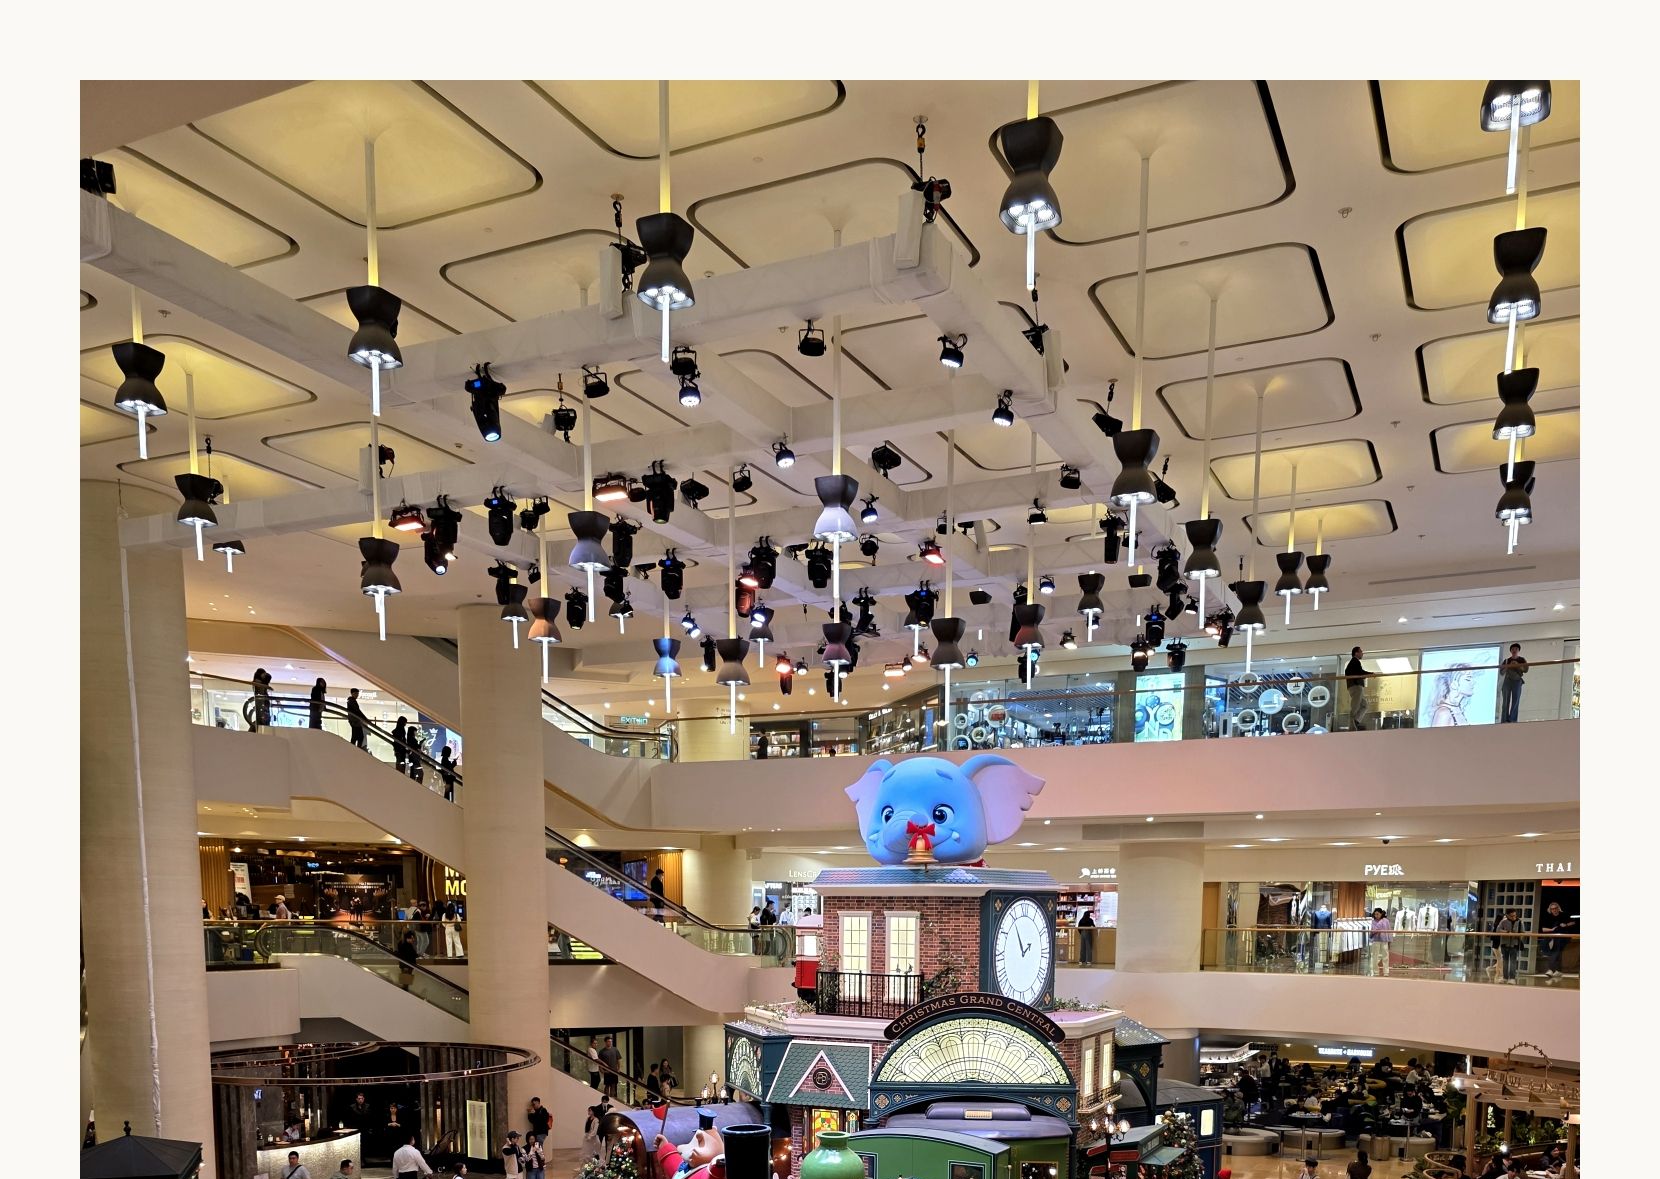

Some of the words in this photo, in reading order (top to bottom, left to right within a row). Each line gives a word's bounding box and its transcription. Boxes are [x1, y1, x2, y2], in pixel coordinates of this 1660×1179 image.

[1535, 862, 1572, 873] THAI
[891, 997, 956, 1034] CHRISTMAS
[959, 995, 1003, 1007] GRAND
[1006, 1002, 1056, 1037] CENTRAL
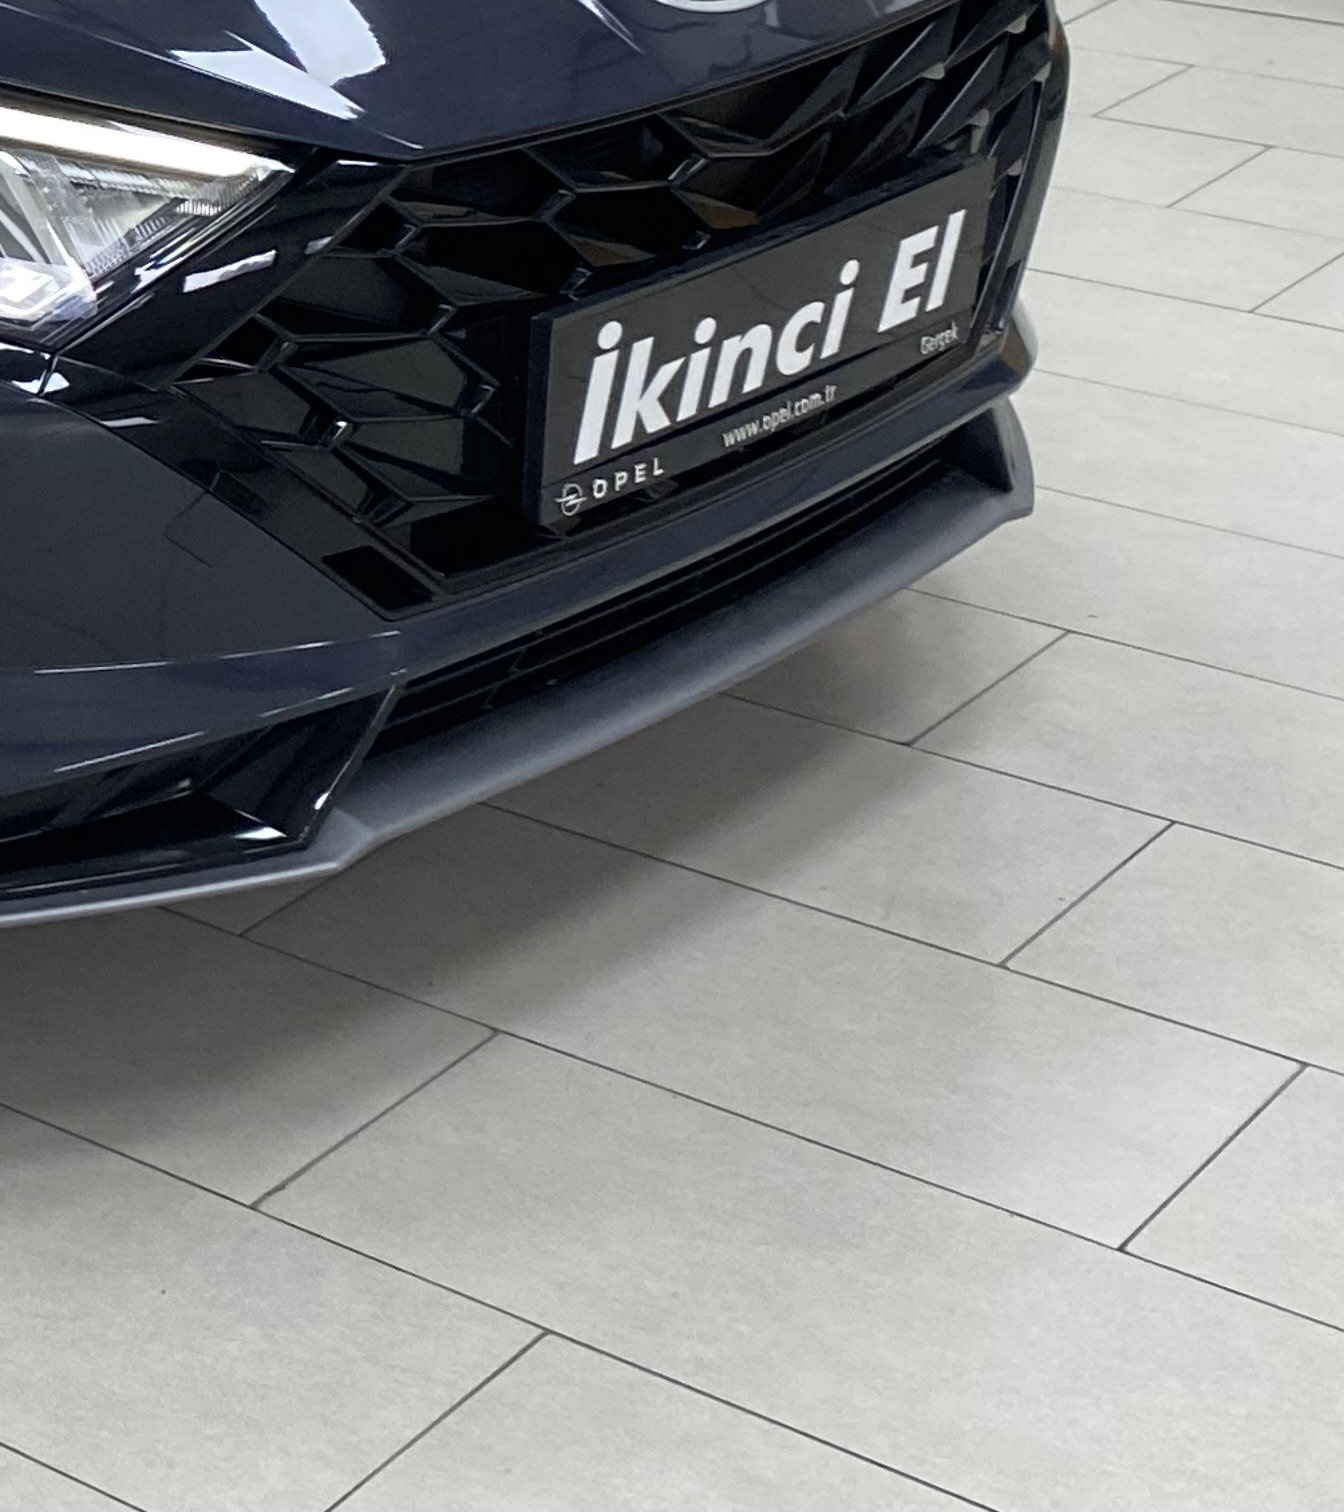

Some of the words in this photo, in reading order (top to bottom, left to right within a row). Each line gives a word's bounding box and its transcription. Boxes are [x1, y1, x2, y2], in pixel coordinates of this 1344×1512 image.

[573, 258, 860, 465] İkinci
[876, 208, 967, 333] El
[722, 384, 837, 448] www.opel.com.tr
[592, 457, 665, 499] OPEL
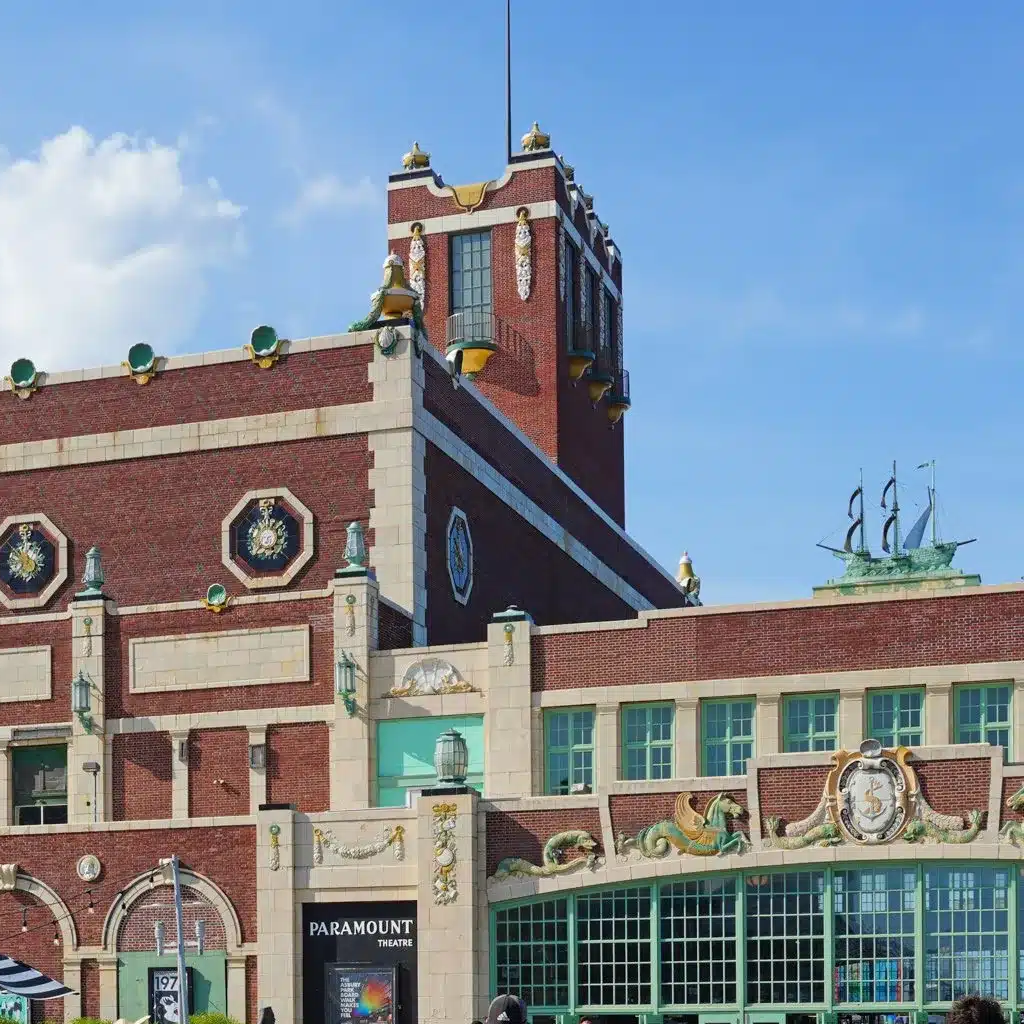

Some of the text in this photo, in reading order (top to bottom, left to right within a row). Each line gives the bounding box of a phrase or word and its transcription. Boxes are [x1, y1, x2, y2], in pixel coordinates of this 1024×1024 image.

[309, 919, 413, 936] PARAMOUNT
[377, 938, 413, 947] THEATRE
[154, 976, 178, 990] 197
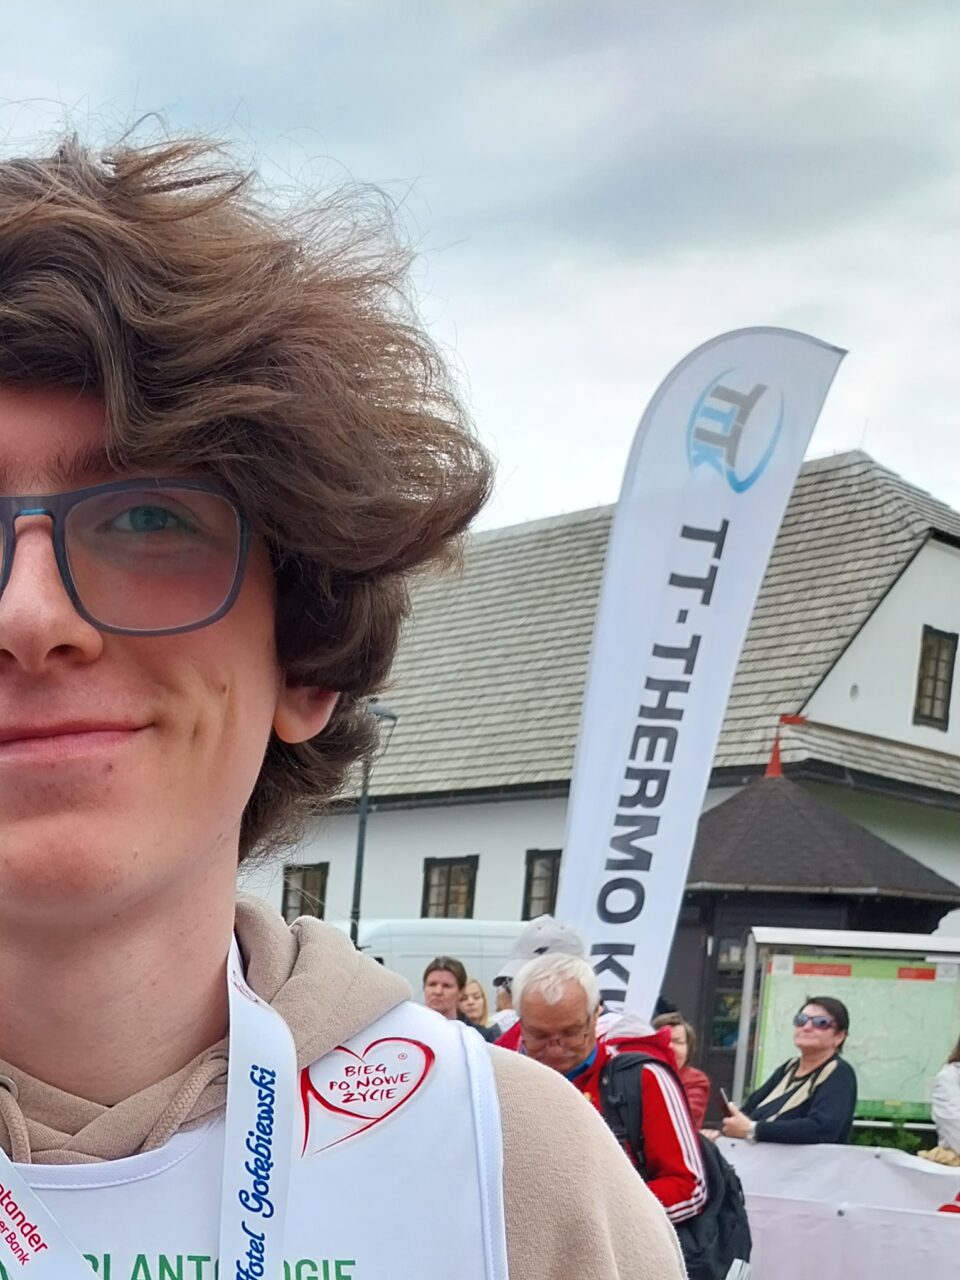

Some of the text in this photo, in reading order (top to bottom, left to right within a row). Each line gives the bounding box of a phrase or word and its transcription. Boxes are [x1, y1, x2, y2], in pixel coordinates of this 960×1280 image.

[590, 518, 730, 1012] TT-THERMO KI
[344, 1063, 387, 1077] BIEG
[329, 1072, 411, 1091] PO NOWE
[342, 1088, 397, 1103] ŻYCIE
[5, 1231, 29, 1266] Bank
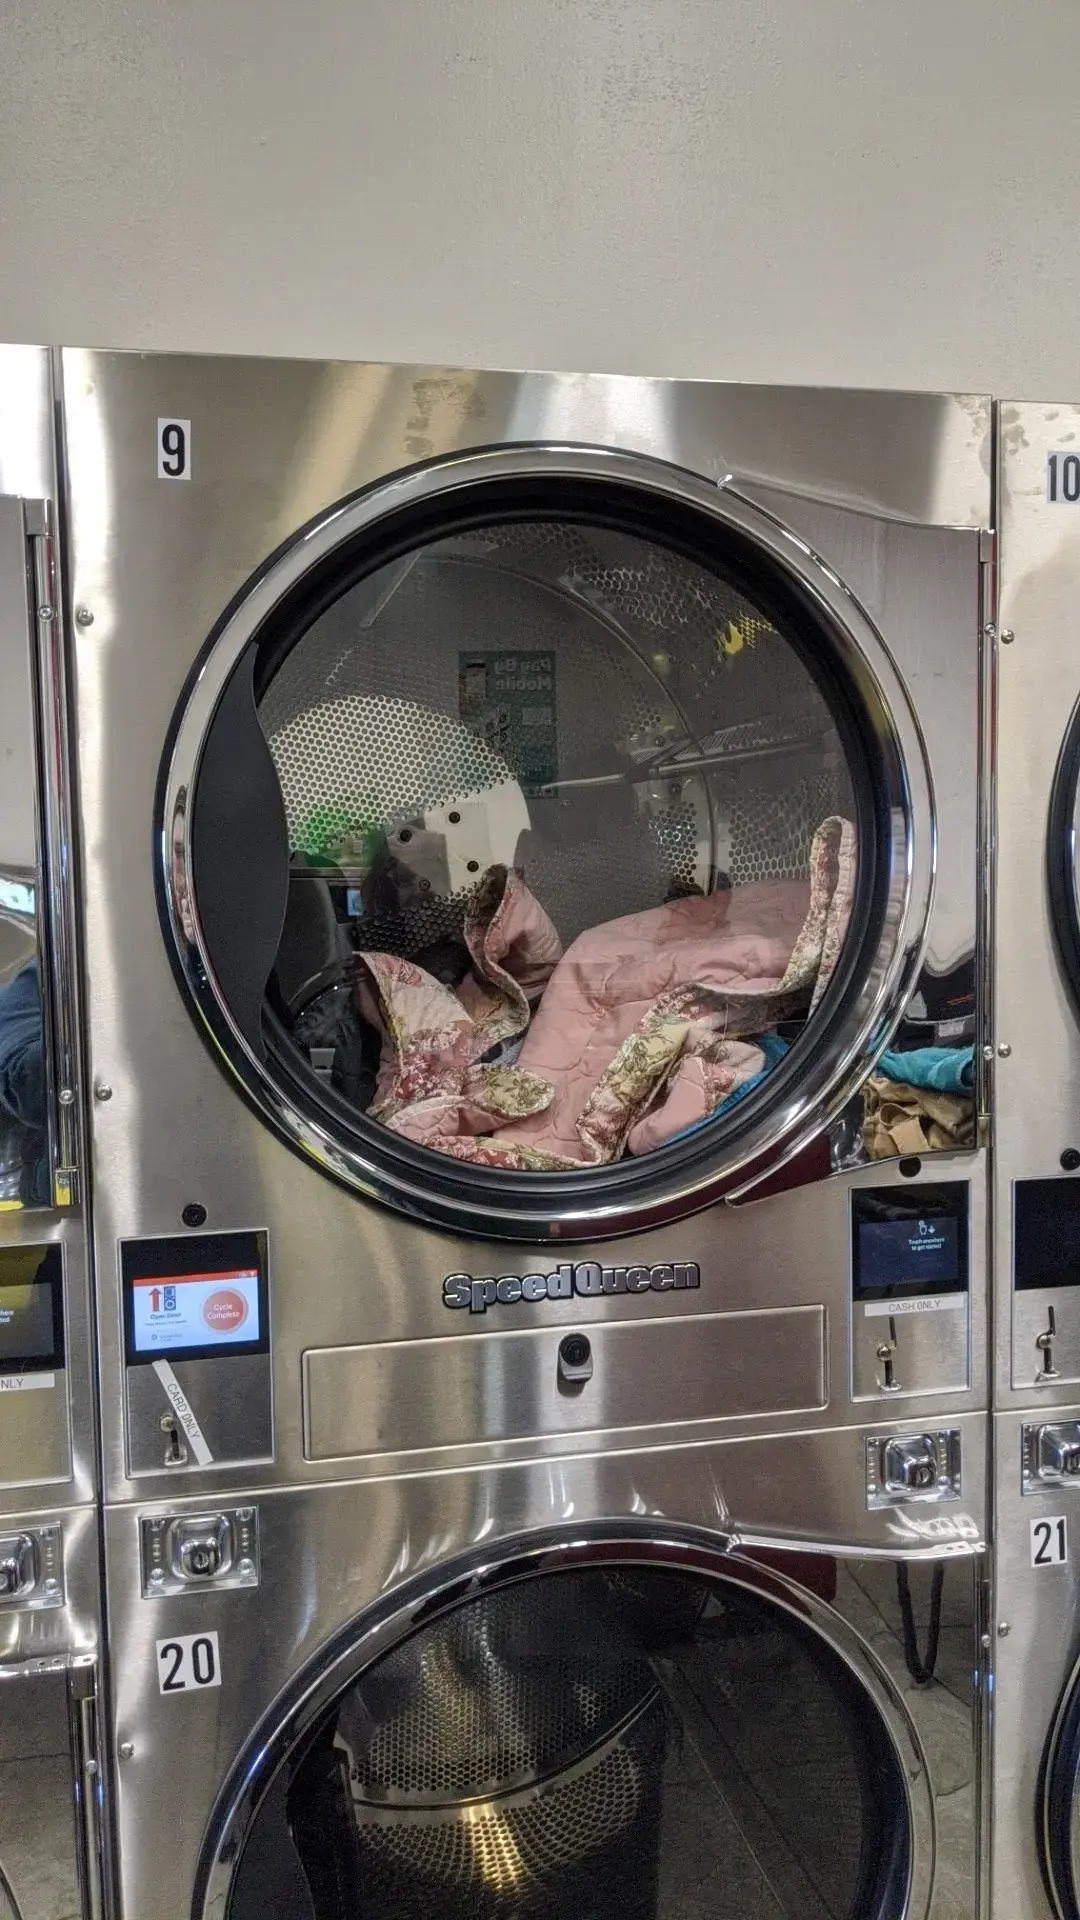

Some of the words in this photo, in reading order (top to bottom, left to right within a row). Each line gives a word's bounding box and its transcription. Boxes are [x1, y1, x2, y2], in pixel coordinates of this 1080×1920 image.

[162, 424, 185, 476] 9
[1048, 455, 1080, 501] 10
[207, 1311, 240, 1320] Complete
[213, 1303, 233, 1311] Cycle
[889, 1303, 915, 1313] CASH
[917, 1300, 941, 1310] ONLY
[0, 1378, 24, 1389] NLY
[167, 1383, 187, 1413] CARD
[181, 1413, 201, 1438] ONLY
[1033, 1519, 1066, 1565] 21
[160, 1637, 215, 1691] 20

--*--

Please output all of the data exactly as given, omitting any images it holds.

Some of the words in this photo, in reading order (top to bottom, left to right within a row). Each line gives a word's bounding box and its transcription. Boxes are [x1, y1, x2, y2], in pixel coordinates of this 1660×1179 image.

[1535, 862, 1572, 873] THAI
[891, 997, 956, 1034] CHRISTMAS
[959, 995, 1003, 1007] GRAND
[1006, 1002, 1056, 1037] CENTRAL

Some of the words in this photo, in reading order (top to bottom, left to right within a row). Each line gives a word's bounding box and its transcription. Boxes are [x1, y1, x2, y2], in pixel coordinates of this 1344×1512 image.

[573, 258, 860, 465] İkinci
[876, 208, 967, 333] El
[722, 384, 837, 448] www.opel.com.tr
[592, 457, 665, 499] OPEL

Some of the text in this photo, in reading order (top to bottom, left to right within a row). Each line gives the bounding box of a phrase or word and its transcription. Boxes are [x1, y1, x2, y2], in pixel coordinates of this 1024×1024 image.

[309, 919, 413, 936] PARAMOUNT
[377, 938, 413, 947] THEATRE
[154, 976, 178, 990] 197

Some of the text in this photo, in reading order (top to bottom, left to right within a row). Each line gives the bounding box of a phrase or word and its transcription. Boxes are [x1, y1, x2, y2], in pixel coordinates of this 960×1280 image.

[590, 518, 730, 1012] TT-THERMO KI
[344, 1063, 387, 1077] BIEG
[329, 1072, 411, 1091] PO NOWE
[342, 1088, 397, 1103] ŻYCIE
[5, 1231, 29, 1266] Bank

Some of the words in this photo, in reading order (top to bottom, left to right within a row). Each line gives a word's bounding box and its transcription. Boxes are [x1, y1, x2, y2], in pixel coordinates of this 1080×1920 image.

[162, 424, 185, 476] 9
[1048, 455, 1080, 501] 10
[207, 1311, 240, 1320] Complete
[213, 1303, 233, 1311] Cycle
[889, 1303, 915, 1313] CASH
[917, 1300, 941, 1310] ONLY
[0, 1378, 24, 1389] NLY
[167, 1383, 187, 1413] CARD
[181, 1413, 201, 1438] ONLY
[1033, 1519, 1066, 1565] 21
[160, 1637, 215, 1691] 20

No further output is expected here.